House GOP Advances 401(k) ESG Curbs, Expansion of Health Plans

June 25, 2025, 6:57 PM UTC

House Republicans advanced legislation that would boost non-traditional employer health benefit plans and make it harder for workplace 401(k) plans to fund environmentally friendly causes.

The House Committee on Education & the Workforce voted along party lines Wednesday to approve a pair of bills that would expand association health plans for small employers and limit state regulation of stop-loss insurance.

Another bill discouraging 401(k)s from selecting environmental, social, and corporate governance funds for workers also cleared the committee on a 21-15 party-line vote.

The bills would codify Republican attempts to sidestep Affordable Care Act protections for employer-sponsored plans and revamp the first Trump administration’s efforts to ax “woke” investments from pensions and 401(k)s.

The legislation can advance for a vote by the full Republican-controlled House.

Association Plans

Association health plans are made up of small businesses that coalesce under a single plan, cutting costs while avoiding essential health benefit requirements under the ACA.

The Biden administration last year rescinded the remaining components of a Trump-era US Labor Department rule greenlighting the association plans after a federal district court struck down key elements of the Trump rule defining an “employer” under the Employee Retirement Income Security Act.

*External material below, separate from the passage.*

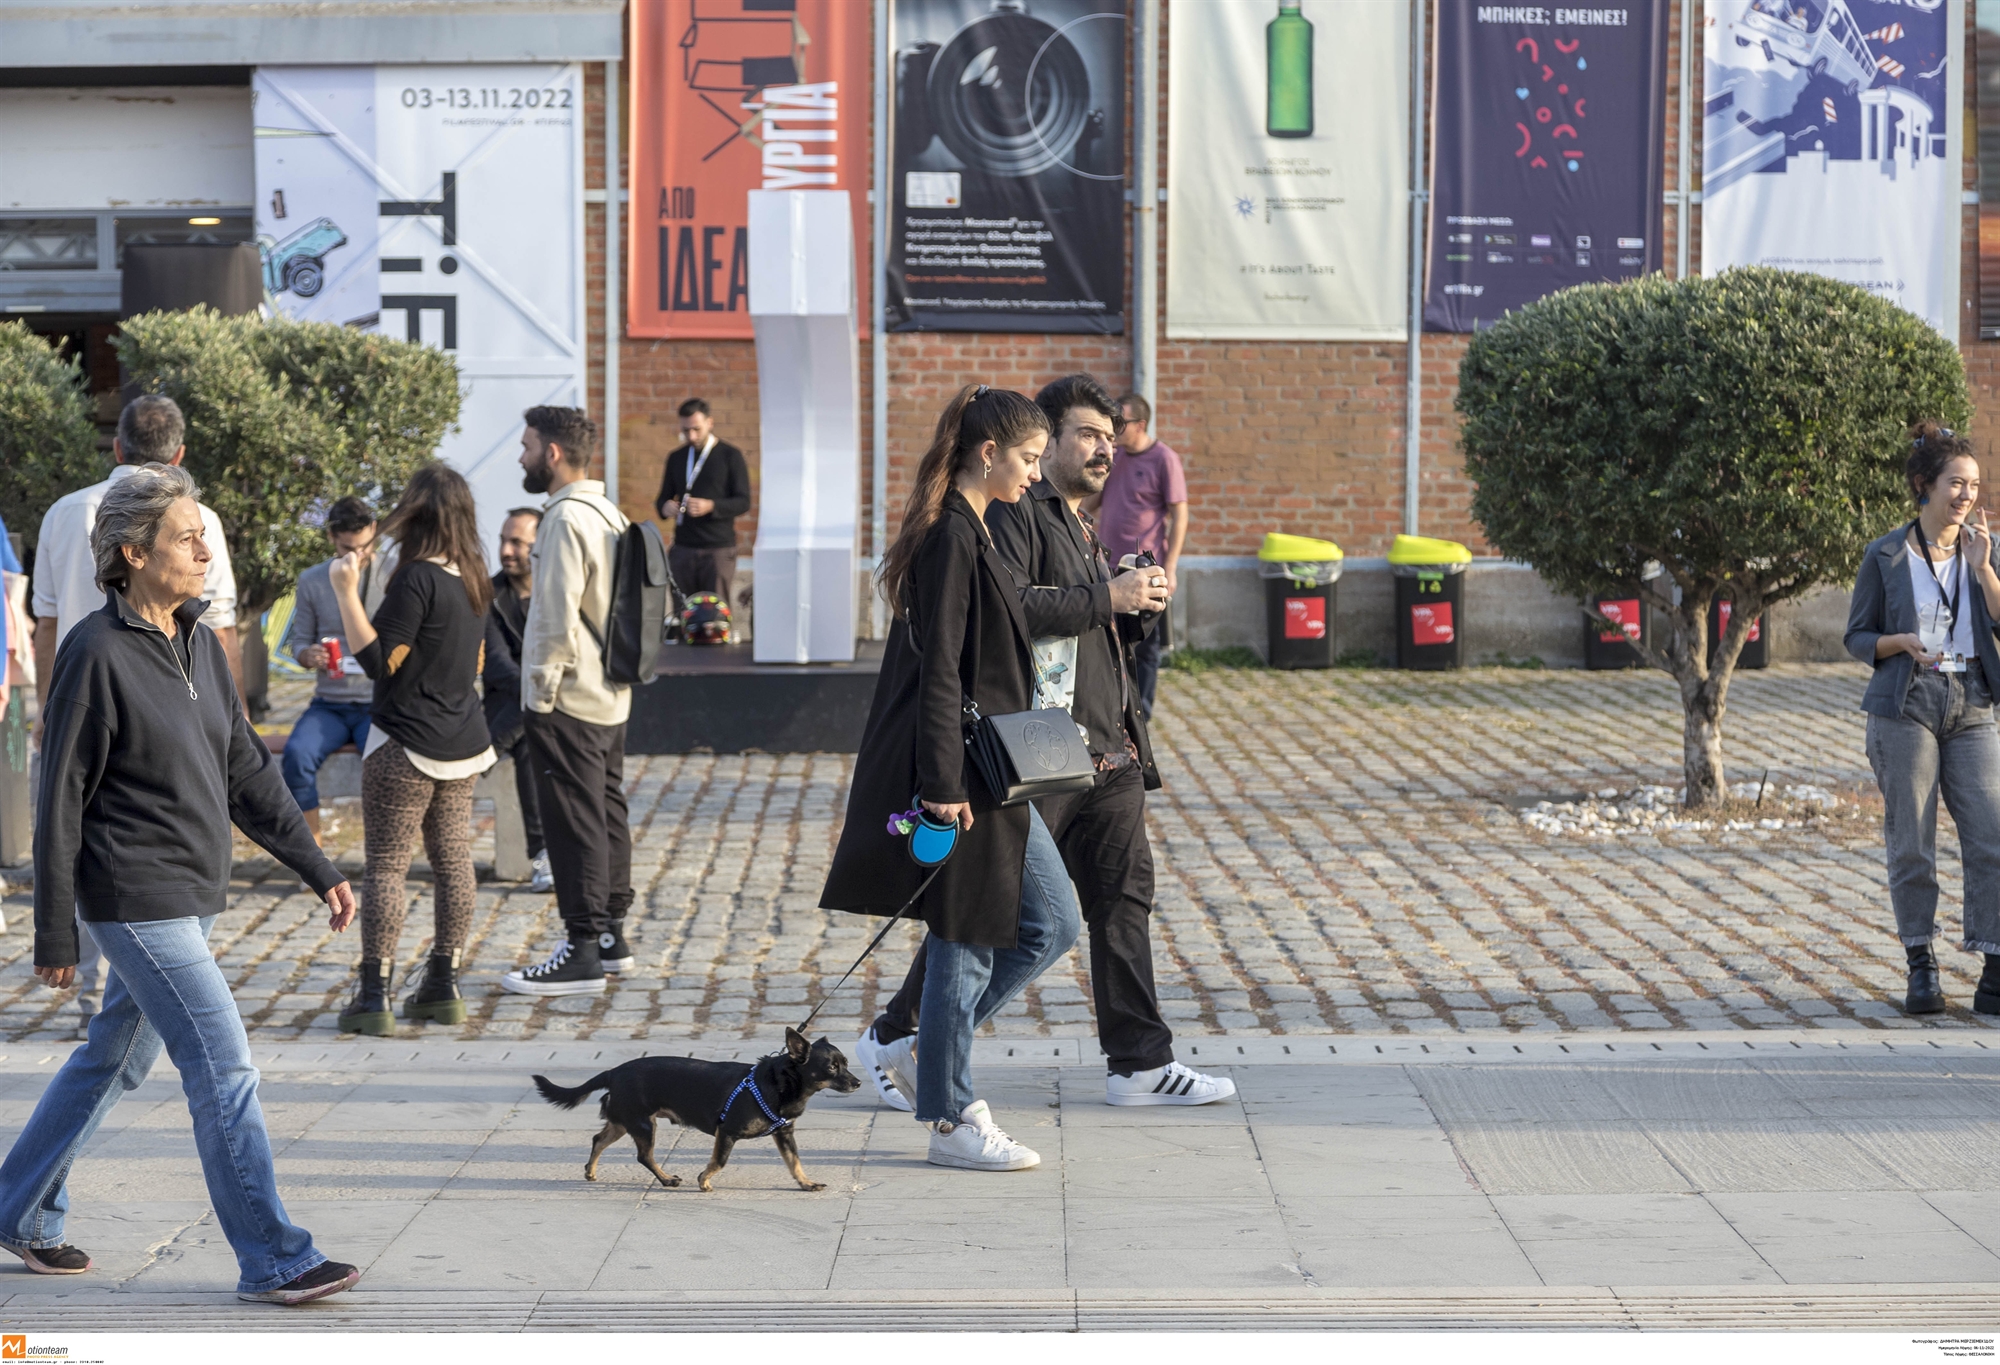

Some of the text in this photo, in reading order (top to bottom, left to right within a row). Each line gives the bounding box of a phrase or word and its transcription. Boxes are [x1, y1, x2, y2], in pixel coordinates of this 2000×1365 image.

[1478, 6, 1628, 26] ΜΠΗΚΕΣ; ΕΜΕΙΝΕΣ!
[401, 87, 573, 109] 03-13.11.2022
[658, 187, 696, 219] ΑΠΟ
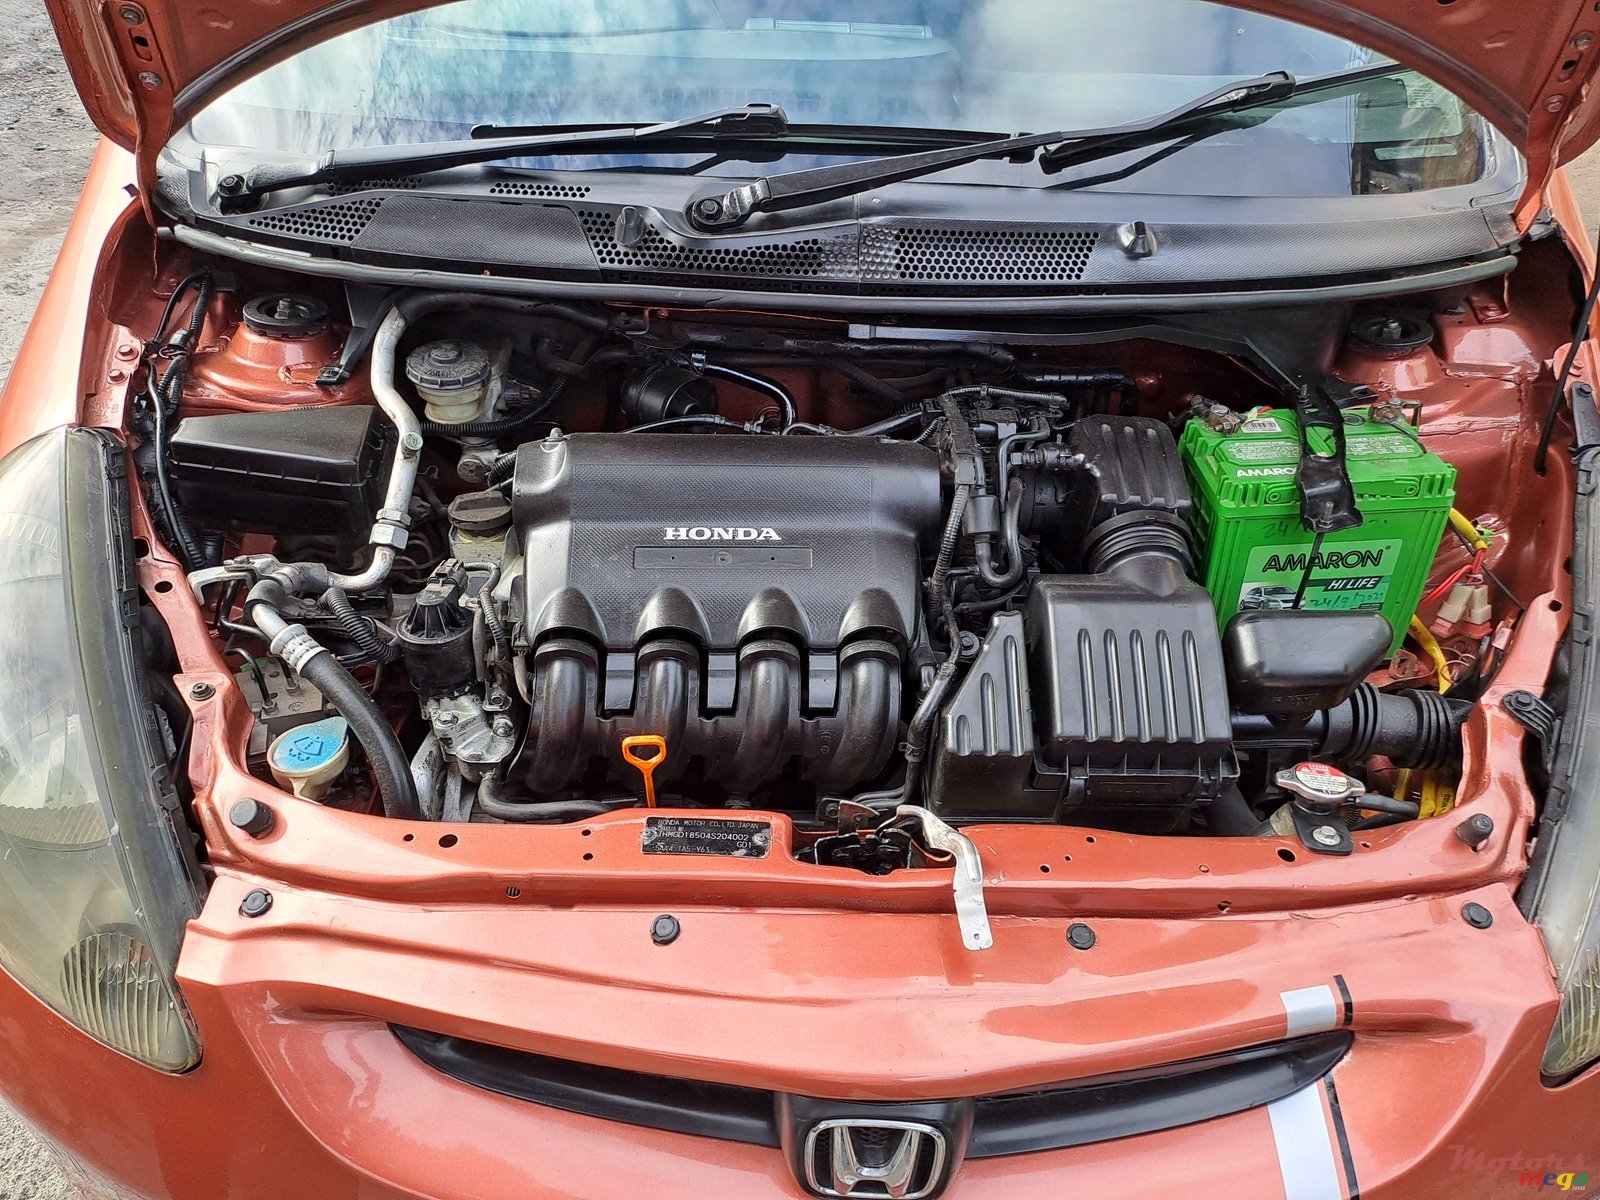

The legislation (H.R. 2528) introduced by Committee Chairman Tim Walberg (R-Mich.) earlier this year would reestablish the Trump standard, paving the way for hundreds of thousands of US workers to receive health care sponsored by their employers, avoiding ACA insurance marketplaces.

Stop-Loss Insurance

Many large and mid-sized employers flocked to self-funded health insurance schemes to avoid the ACA’s minimum benefits package, medical loss ratio rules, and other fees, premium reviews, and marketplace reforms.

Stop-loss insurance, which protects self-funded plans from catastrophic medical claims, makes self-funded insurance a viable option for employers—particularly small businesses that may otherwise lack the capital to pay claims out-of-pocket.

The Obama administration signaled an interest in expanding federal regulations to treat stop-loss insurance as traditional insurance under ERISA. The Self-Insurance Protection Act (H.R. 2571) introduced by Rep. Robert Onder (R-Mo.) in May would preempt state regulation of stop-loss insurance under the ACA and prevent federal regulation of them under ERISA.

Anti-ESG Rules

Regulations over financial factors retirement plans must consider when choosing investments on behalf of workers have volleyed back and forth between the first Trump and Biden administrations.

The DOL said in May that it would replace a Biden-era rule that permit ESG considerations for tied alternatives. The Biden-era rule replaced a first-term Trump rule that put strict reporting requirements on sponsors who steered participant money into “woke” funds.

Legislation Rep. Rick Allen (R-Ga.) introduced (H.R. 2988) in May would codify the first Trump-era rule, which requires plan decision-makers to put financial factors above all else and reinstates the reporting requirements that were axed by Biden.